═══ DATASET ENTRIES

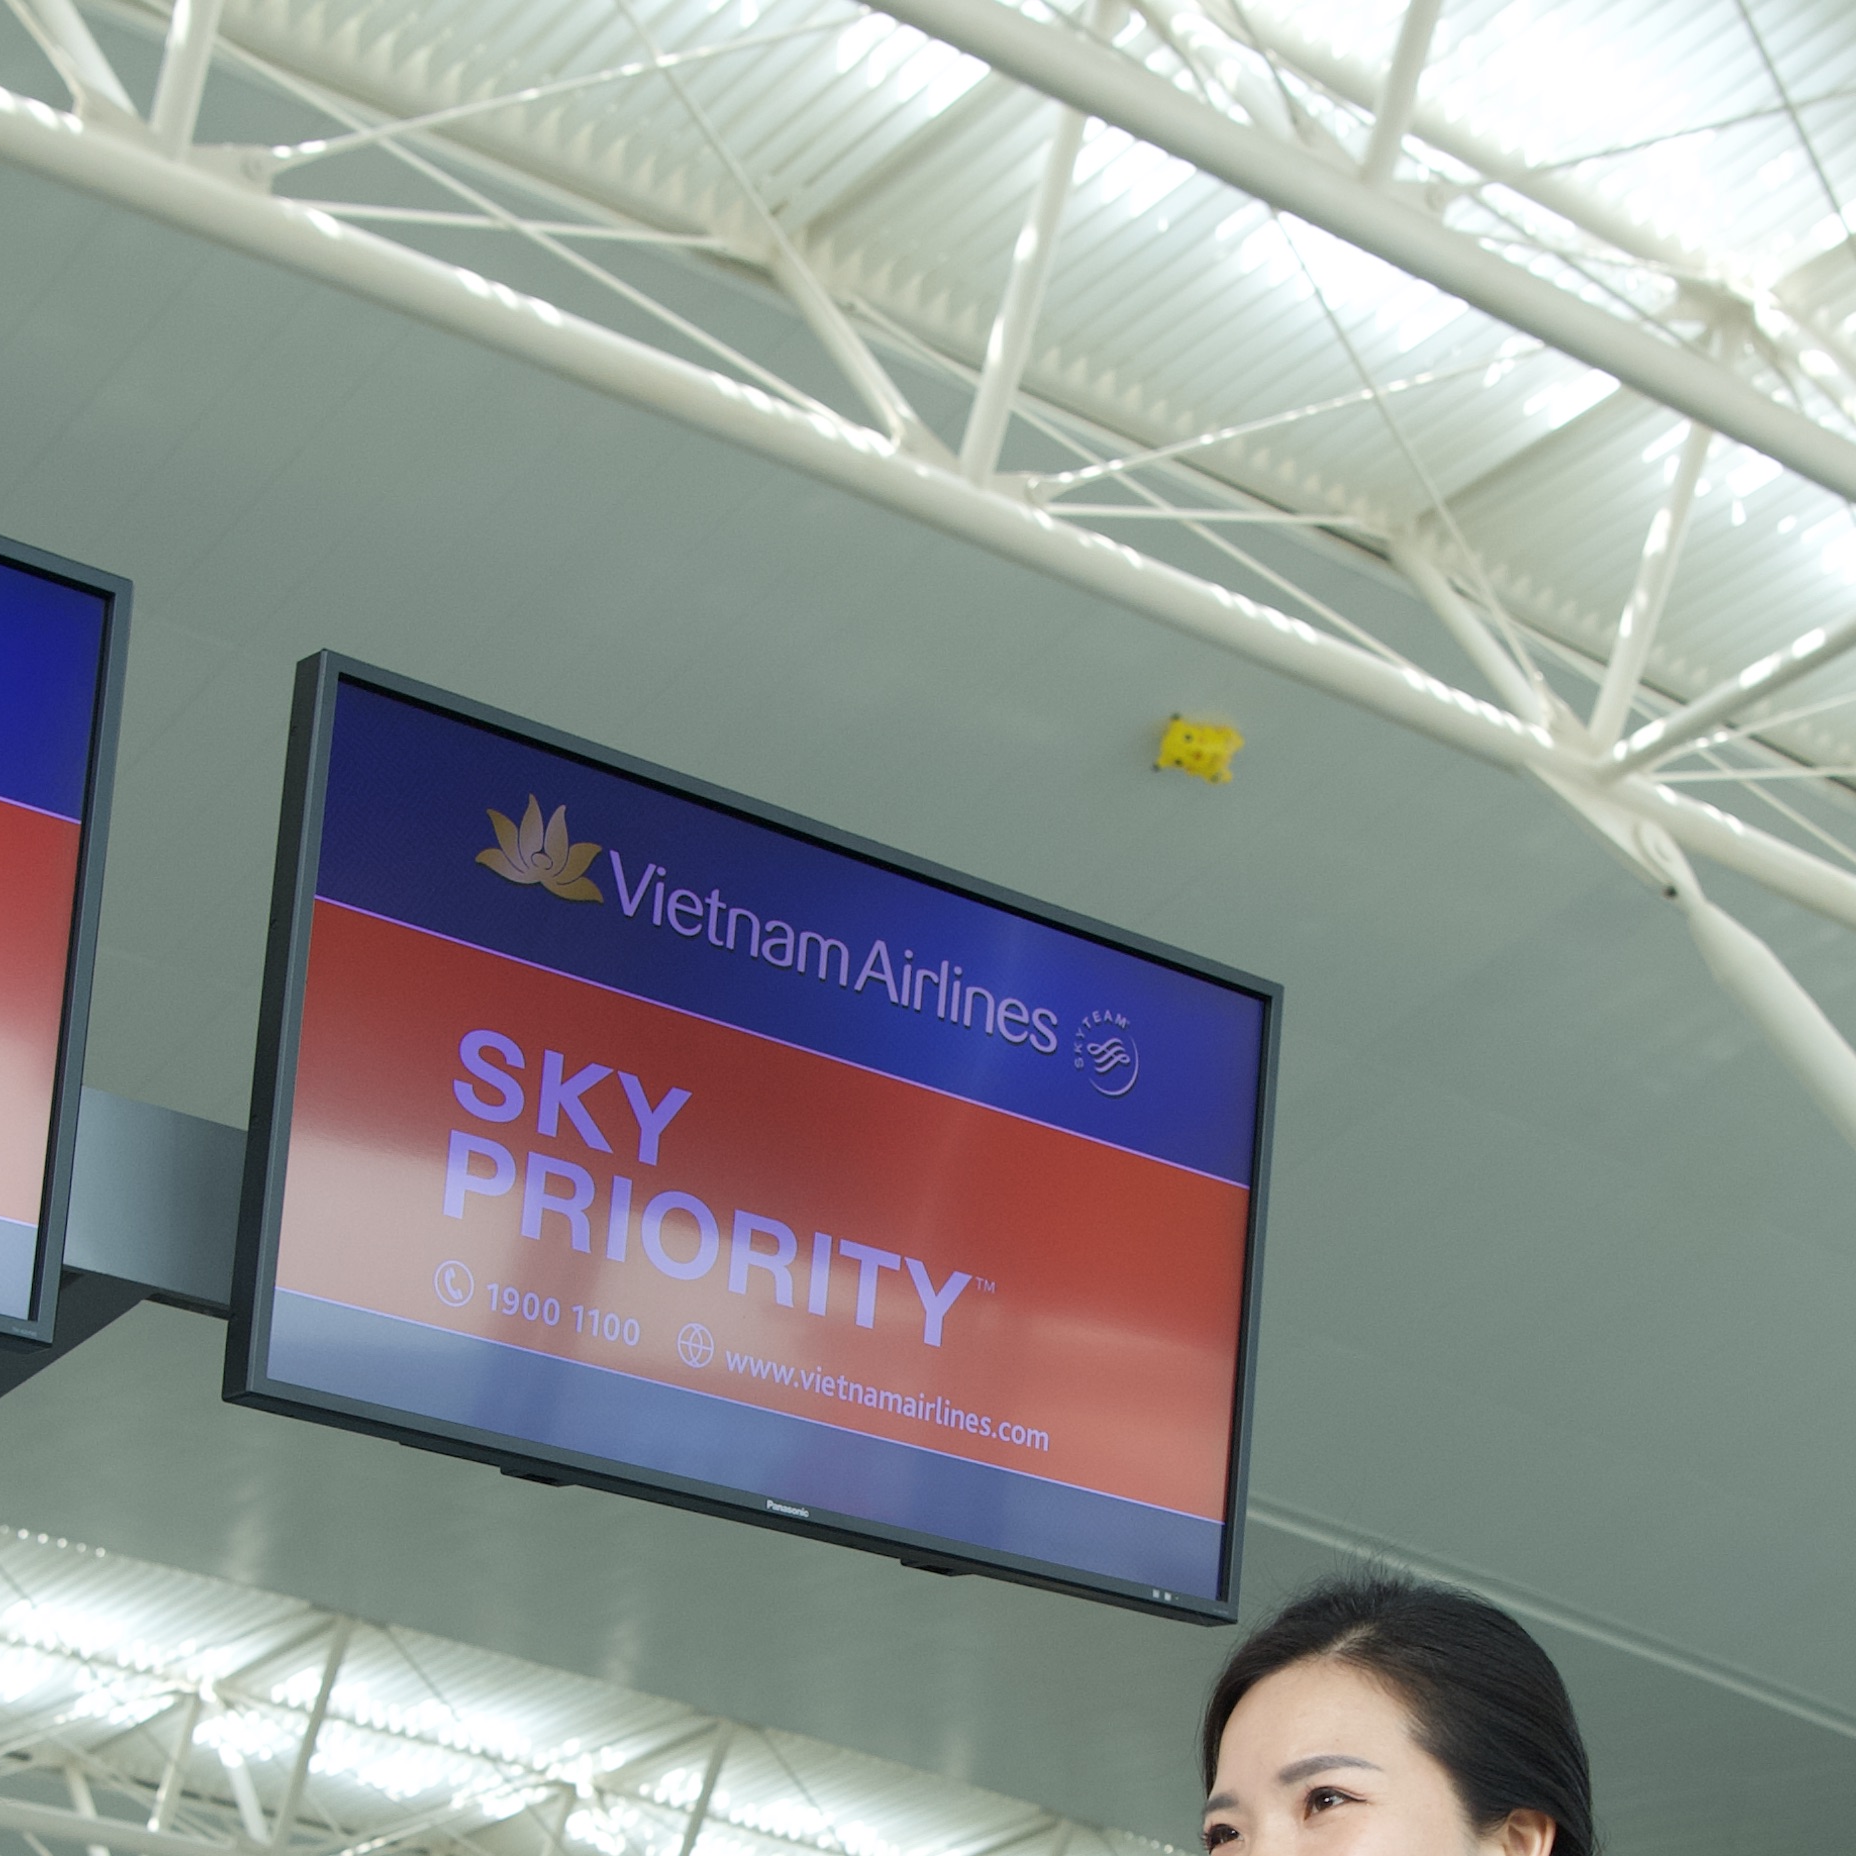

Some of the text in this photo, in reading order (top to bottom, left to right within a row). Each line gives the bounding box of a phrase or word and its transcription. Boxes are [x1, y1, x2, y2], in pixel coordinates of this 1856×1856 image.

[451, 1027, 693, 1167] SKY
[442, 1129, 973, 1349] PRIORITY
[485, 1282, 641, 1348] 1900 1100
[725, 1349, 1050, 1453] www.vietnamairlines.com
[765, 1498, 810, 1519] Panasonic
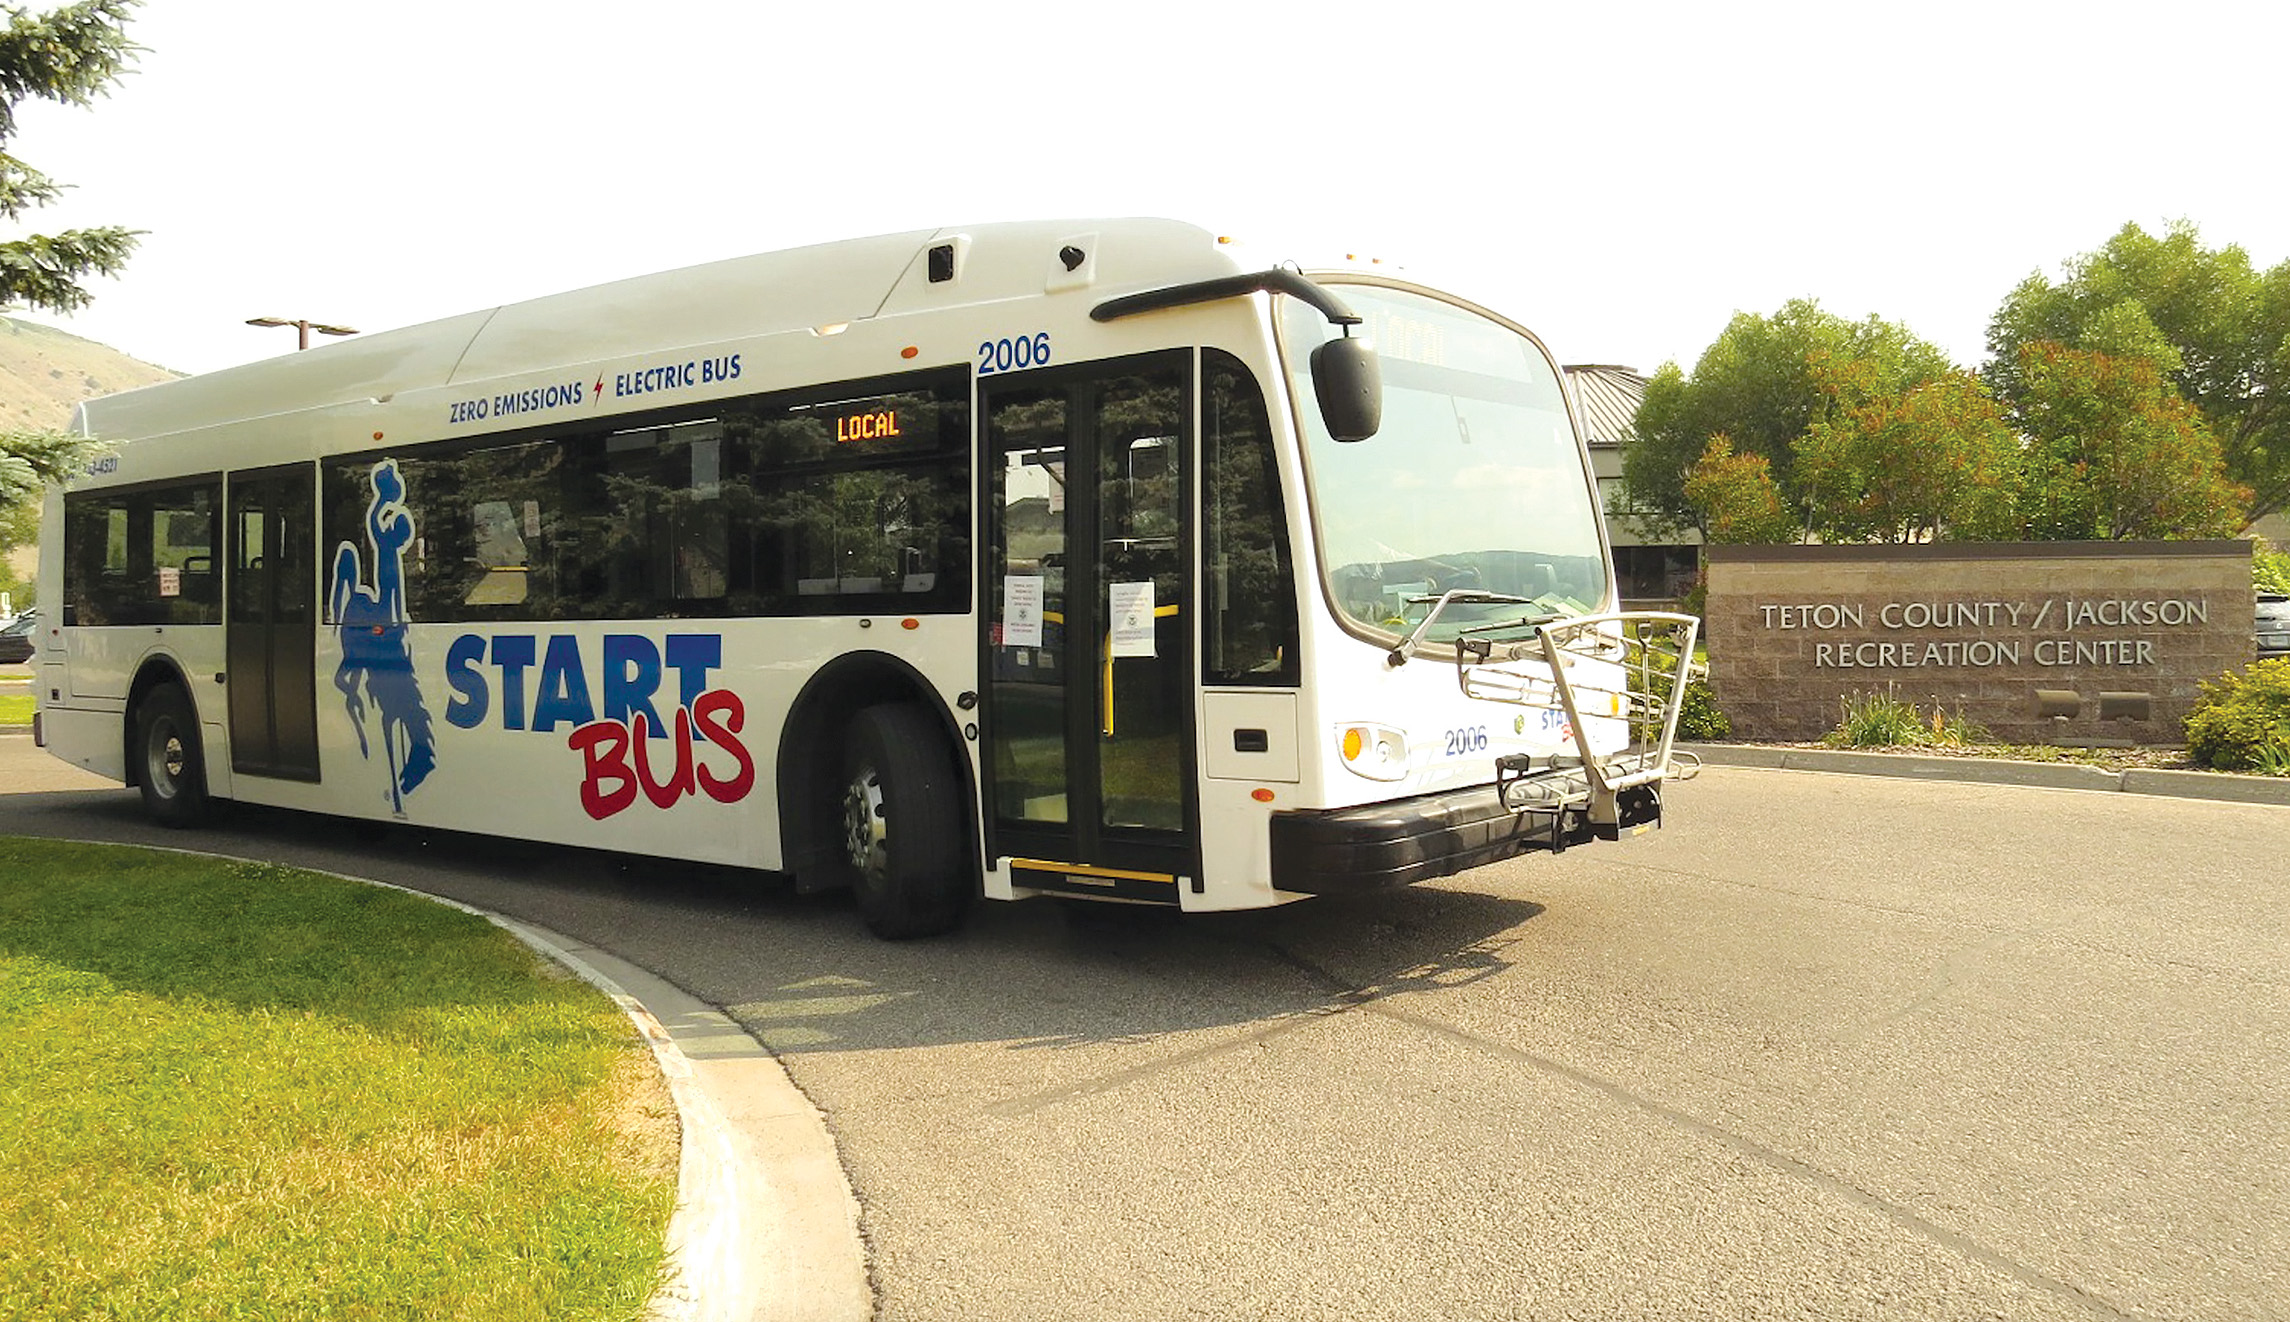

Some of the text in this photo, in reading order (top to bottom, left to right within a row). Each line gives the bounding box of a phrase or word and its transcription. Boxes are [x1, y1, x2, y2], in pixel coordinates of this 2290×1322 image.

[977, 332, 1051, 374] 2006
[449, 354, 741, 423] ZERO EMISSIONS ELECTRIC BUS
[837, 411, 899, 442] LOCAL
[1759, 603, 1864, 630] TETON
[1880, 602, 2025, 629] COUNTY
[2065, 600, 2209, 632] JACKSON
[1814, 640, 2155, 668] RECREATION CENTER
[445, 634, 722, 741] START
[568, 689, 755, 820] BUS
[1444, 725, 1488, 756] 2006

══════

WORK ITEM: Every line above needs to be written out again as it stands. Pictures do not belong in the copy.

SOLVED EXERCISE:
Some of the text in this photo, in reading order (top to bottom, left to right within a row). Each line gives the bounding box of a phrase or word and its transcription. Boxes are [x1, y1, x2, y2], in pixel coordinates of this 1856×1856 image.

[451, 1027, 693, 1167] SKY
[442, 1129, 973, 1349] PRIORITY
[485, 1282, 641, 1348] 1900 1100
[725, 1349, 1050, 1453] www.vietnamairlines.com
[765, 1498, 810, 1519] Panasonic

Some of the text in this photo, in reading order (top to bottom, left to right within a row). Each line gives the bounding box of a phrase or word and its transcription. Boxes are [x1, y1, x2, y2], in pixel coordinates of this 2290×1322 image.

[977, 332, 1051, 374] 2006
[449, 354, 741, 423] ZERO EMISSIONS ELECTRIC BUS
[837, 411, 899, 442] LOCAL
[1759, 603, 1864, 630] TETON
[1880, 602, 2025, 629] COUNTY
[2065, 600, 2209, 632] JACKSON
[1814, 640, 2155, 668] RECREATION CENTER
[445, 634, 722, 741] START
[568, 689, 755, 820] BUS
[1444, 725, 1488, 756] 2006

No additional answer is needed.